_ACTIVITY_:
Could you please retype all of the entries exactly as they appear?

_INPUT_:
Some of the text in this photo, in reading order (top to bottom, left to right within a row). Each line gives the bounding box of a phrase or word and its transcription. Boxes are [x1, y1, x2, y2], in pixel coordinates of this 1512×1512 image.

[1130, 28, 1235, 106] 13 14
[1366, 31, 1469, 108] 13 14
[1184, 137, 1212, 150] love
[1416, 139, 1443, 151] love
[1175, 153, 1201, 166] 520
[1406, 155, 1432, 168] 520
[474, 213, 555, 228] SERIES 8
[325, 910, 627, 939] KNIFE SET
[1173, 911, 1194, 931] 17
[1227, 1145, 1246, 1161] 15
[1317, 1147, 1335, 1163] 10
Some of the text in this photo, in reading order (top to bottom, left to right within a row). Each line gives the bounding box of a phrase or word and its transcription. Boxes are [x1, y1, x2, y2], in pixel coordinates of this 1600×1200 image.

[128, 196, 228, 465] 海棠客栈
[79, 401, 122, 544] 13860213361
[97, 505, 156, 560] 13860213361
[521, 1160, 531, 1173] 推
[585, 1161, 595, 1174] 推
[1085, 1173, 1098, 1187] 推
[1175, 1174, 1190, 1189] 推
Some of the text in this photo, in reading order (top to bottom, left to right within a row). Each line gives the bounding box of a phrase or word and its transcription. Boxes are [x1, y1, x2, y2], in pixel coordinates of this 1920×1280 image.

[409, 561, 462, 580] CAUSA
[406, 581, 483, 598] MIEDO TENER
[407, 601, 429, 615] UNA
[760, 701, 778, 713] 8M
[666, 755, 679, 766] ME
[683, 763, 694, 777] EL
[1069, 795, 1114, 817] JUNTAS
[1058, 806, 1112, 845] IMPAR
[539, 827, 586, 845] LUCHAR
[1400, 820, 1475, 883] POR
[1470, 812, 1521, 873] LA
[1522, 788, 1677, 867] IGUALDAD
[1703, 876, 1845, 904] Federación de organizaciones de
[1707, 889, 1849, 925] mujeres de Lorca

_TASK RESPONSE_:
Some of the text in this photo, in reading order (top to bottom, left to right within a row). Each line gives the bounding box of a phrase or word and its transcription. Boxes are [x1, y1, x2, y2], in pixel coordinates of this 1512×1512 image.

[1130, 28, 1235, 106] 13 14
[1366, 31, 1469, 108] 13 14
[1184, 137, 1212, 150] love
[1416, 139, 1443, 151] love
[1175, 153, 1201, 166] 520
[1406, 155, 1432, 168] 520
[474, 213, 555, 228] SERIES 8
[325, 910, 627, 939] KNIFE SET
[1173, 911, 1194, 931] 17
[1227, 1145, 1246, 1161] 15
[1317, 1147, 1335, 1163] 10
Some of the text in this photo, in reading order (top to bottom, left to right within a row). Each line gives the bounding box of a phrase or word and its transcription. Boxes are [x1, y1, x2, y2], in pixel coordinates of this 1600×1200 image.

[128, 196, 228, 465] 海棠客栈
[79, 401, 122, 544] 13860213361
[97, 505, 156, 560] 13860213361
[521, 1160, 531, 1173] 推
[585, 1161, 595, 1174] 推
[1085, 1173, 1098, 1187] 推
[1175, 1174, 1190, 1189] 推
Some of the text in this photo, in reading order (top to bottom, left to right within a row). Each line gives the bounding box of a phrase or word and its transcription. Boxes are [x1, y1, x2, y2], in pixel coordinates of this 1920×1280 image.

[409, 561, 462, 580] CAUSA
[406, 581, 483, 598] MIEDO TENER
[407, 601, 429, 615] UNA
[760, 701, 778, 713] 8M
[666, 755, 679, 766] ME
[683, 763, 694, 777] EL
[1069, 795, 1114, 817] JUNTAS
[1058, 806, 1112, 845] IMPAR
[539, 827, 586, 845] LUCHAR
[1400, 820, 1475, 883] POR
[1470, 812, 1521, 873] LA
[1522, 788, 1677, 867] IGUALDAD
[1703, 876, 1845, 904] Federación de organizaciones de
[1707, 889, 1849, 925] mujeres de Lorca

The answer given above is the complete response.